Sosok perempuan posfeminisme digambarkan sebagai sosok seorang perempuan yang mandiri atau “independent” tetapi juga tetap membutuhkan
sosok laki-laki dalam hidupnya sebagai pelengkap hidupnya baik secara biologis maupun secara emosional, karena seorang perempuan posfeminis “sadar” bahwa
dia merupakan “seorang perempuan” yang juga menjadi objek seks laki-laki, disamping dia sebagai sosok perempuan mandiri yang dengan kepercayaan diri
yang tinggi bisa meraih segalanya karir, kekayaan, kekuasaan, dan kejayaan, bukan perempuan mandiri yang tanpa laki-laki seperti pemikiran feminisme pada
umumnya, terutama para feminis radikal. Seperti yang dikutip di dalam buku posfeminisme Cultural Studies menanggapi serial Sex In The City. Dimana
digambarkan bahwa seorang Samantha yang merupakan karakter perempuan tangguh dan memiliki semuanya, yang berkarir sebagai seorang penulis di salah
satu majalah lifestyle di kota New York dalam salah satu episodenya, mempunyai kebimbangan dan terhukum oleh dirinya sendiri akibat kepercayaan diri yang
terlalu berlebihan dengan tidak menikah atau mempunyai seorang kekasih, dia
merasa menderita karena tidak ada seorang laki-laki yang berada di sisinya ketika dia membutuhkan sebuah hubungan secara “biologis” maupun hubungan secara
emosional.Brooks,1997:VII
2.1.6.2.Perempuan dan Kekuasaan dalam Posfeminisme
Kata perempuan bersal dari kata empu, bermakna dihargai, dipertuan atau dihormati. Sedangkan kata wanita diyakini dari bahasa Sansekerta, dengan dasar
kata wan yang berarti nafsu, sehingga kata wanita mempunyai arti yang dinafsui atau objek seks. Sedangkan dalam bahasa Jawa Jarwa Dosok, kata wanita berarti
wani ditata, artinya berani ditata. Kata wanita konon juga berasal dari kata wani berani dan tapa menderita, artinya seorang wanita adalah sosok yang berani
menderita bahkan untuk orang lain. Jadi, secara simbolik mengubah penggunaan kata wanita menjadi perempuan adalah mengubah objek menjadi subjek. Kedua
istilah ini tidak hanya berkaitan dengan asal bahasa atau padanan kata saja, tetapi berkaitan dengan citra, mitos atau stereotip citra baku. Oleh karena itu, kaum
feminis di Indonesia kebanyakan memilih menggunakan kata perempuan, bukan wanita Handayani, 2004:6
Penggambaran “tangguh” dan “’serba lebih” dari perempuan menunjukkan adanya keinginan untuk berperan dalam banyak hal, terutama di ruang publik.

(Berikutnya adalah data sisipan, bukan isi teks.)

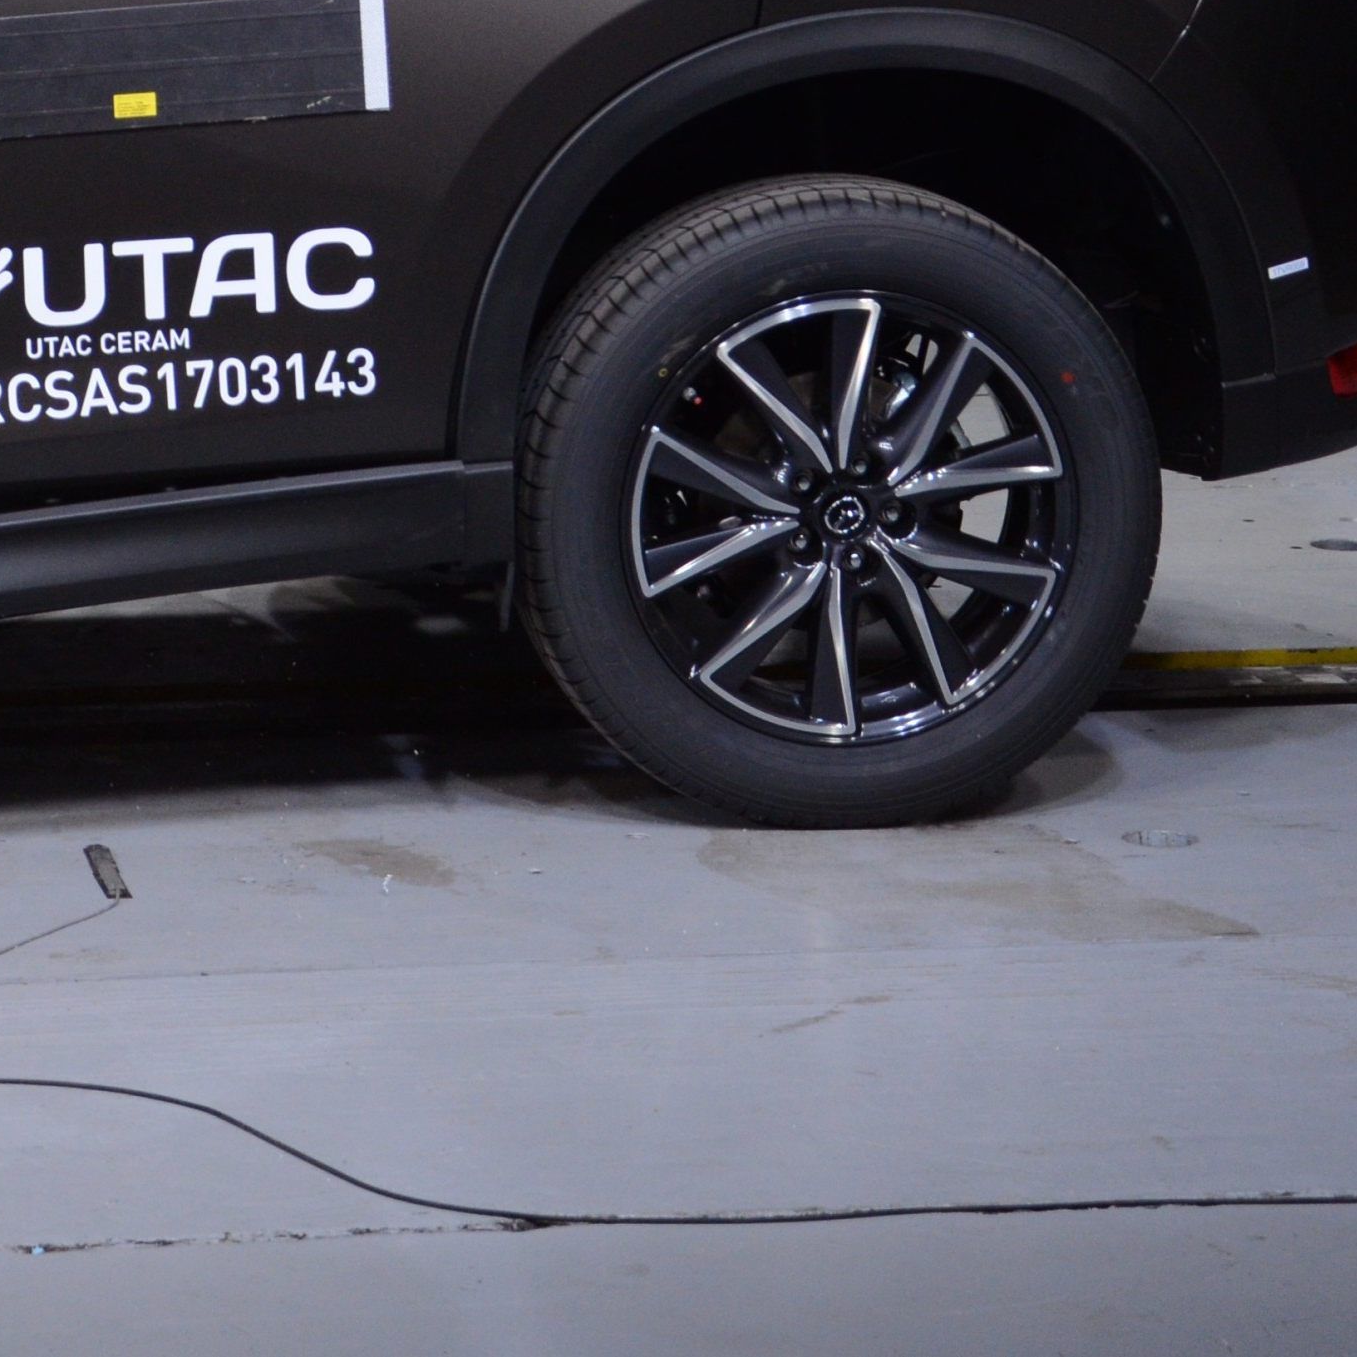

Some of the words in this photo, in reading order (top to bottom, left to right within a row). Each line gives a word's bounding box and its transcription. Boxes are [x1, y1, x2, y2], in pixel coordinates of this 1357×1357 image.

[22, 227, 376, 327] UTAC
[25, 334, 92, 359] UTAC
[100, 327, 190, 355] CERAM

Singkatnya, seorang perempuan tidak ingin menjadi marjinal ataupun inferior lagi, tetapi “mereka” menginginkan sebuah pengakuan dan perlakuan sebagai sebuah
dominasi atau superior, bukan lagi sebagai subordinasi. Pemikiran feminis yang masih menganggap patriarki sebagai penyebab utama dari ketidakadilan gender
dianggap belum cukup untuk memperjuangkan hak-hak perempuan. Pemikiran feminis masih menganggap perempuan masih diposisikan sebagai kaum yang
dirugikan dan sebagai korban dari patriarki. Perjuangan menjadi “a super woman” dari feminisme, mendapat pandangan baru sebagai jalan lain dari perjuangan
perempuan. Untuk itulah pemikiran posfeminisme muncul sebagai jalan lain dalam gerakan perempuan. Posfeminisme menganggap bahwa pemikiran feminis
terlalu berlebih dalam memperjuangkan perempuan dengan hak-haknya. Seperti pendapat Ann Brooks, Alice dalam bukunya mengatakan bahwa mungkin pesan
paling persuasif bagi posfeminisme bahwa feminisme telah mendorong perempuan untuk menginginkan terlalu banyak. Pofeminisme ditawarkan sebagai
pelarian dari beban “perempuan super” dalam rangka memenuhi citra sukses kaum feminis Brooks,2007:5. Dengan kata lain, posfeminisme memberi wacana
baru dalam memperjuangkan hak-hak perempuan.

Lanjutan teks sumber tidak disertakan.